Work request: Each record must be written out again exactly. Skip any picture it contains.

Stored data entries:
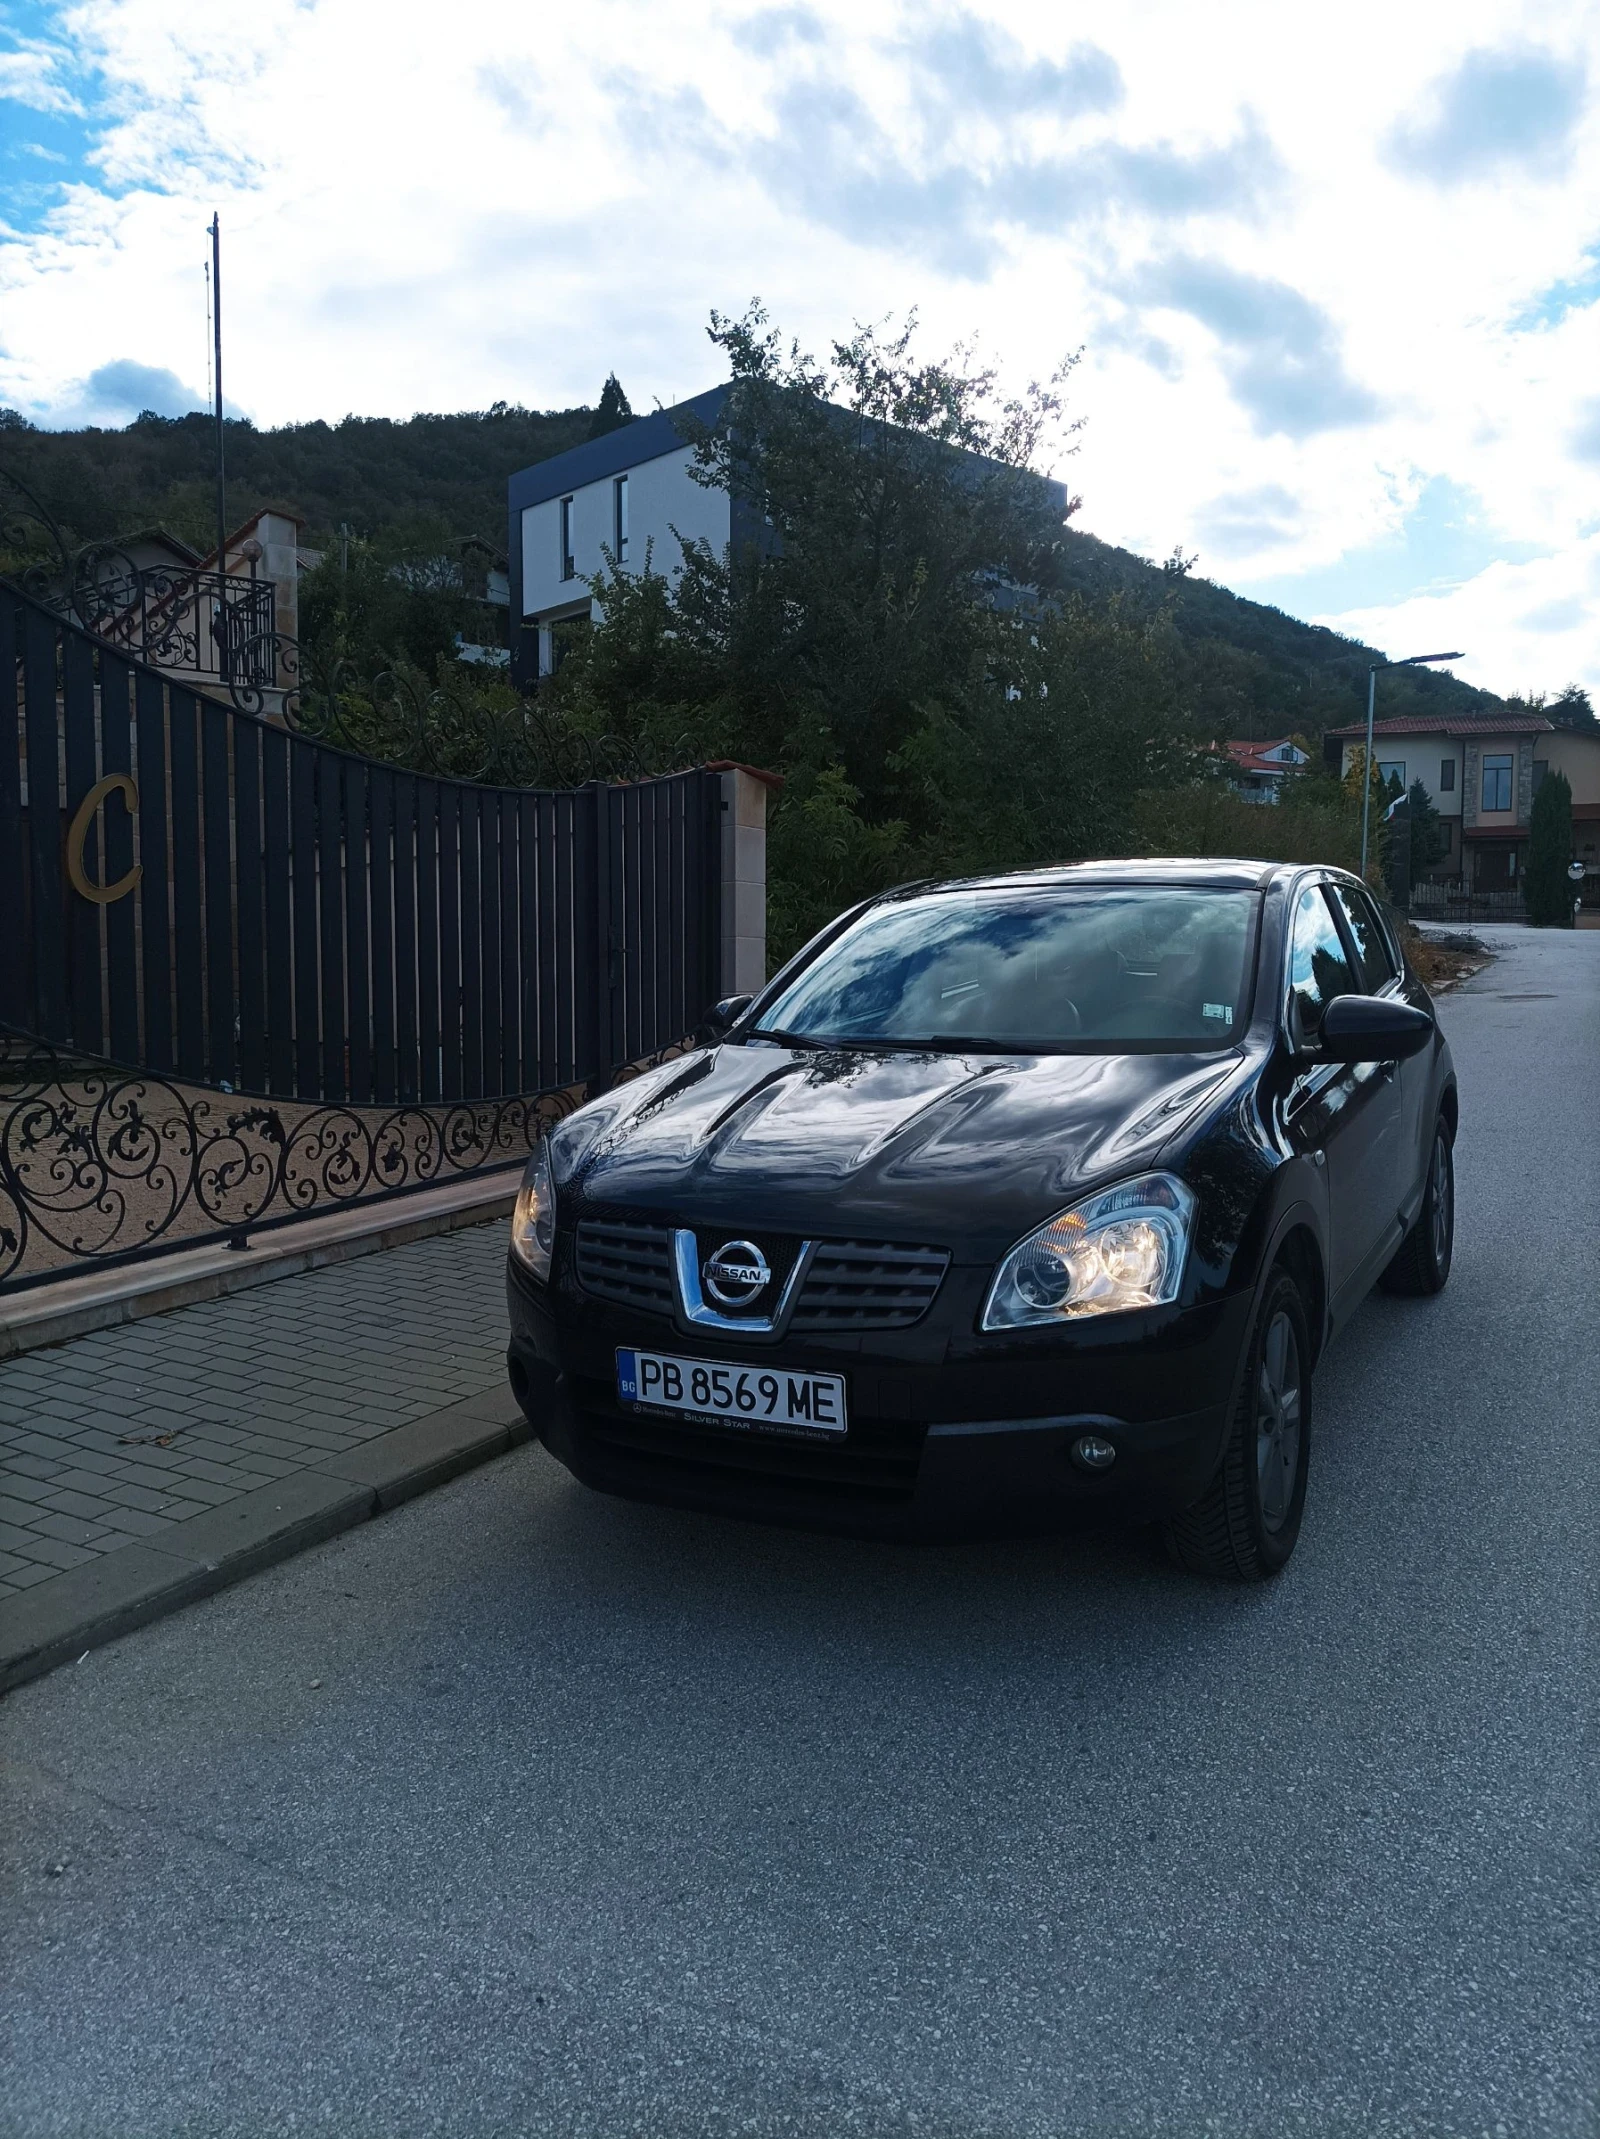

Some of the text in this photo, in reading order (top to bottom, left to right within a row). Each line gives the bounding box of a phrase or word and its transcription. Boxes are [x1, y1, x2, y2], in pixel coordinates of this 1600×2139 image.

[68, 773, 143, 903] C
[707, 1266, 760, 1281] NISSAN
[621, 1380, 636, 1393] BG
[640, 1358, 837, 1424] PB 8569 ME

Response area:
Some of the text in this photo, in reading order (top to bottom, left to right within a row). Each line gives the bounding box of a phrase or word and its transcription. Boxes are [x1, y1, x2, y2], in pixel coordinates of this 1600×2139 image.

[68, 773, 143, 903] C
[707, 1266, 760, 1281] NISSAN
[621, 1380, 636, 1393] BG
[640, 1358, 837, 1424] PB 8569 ME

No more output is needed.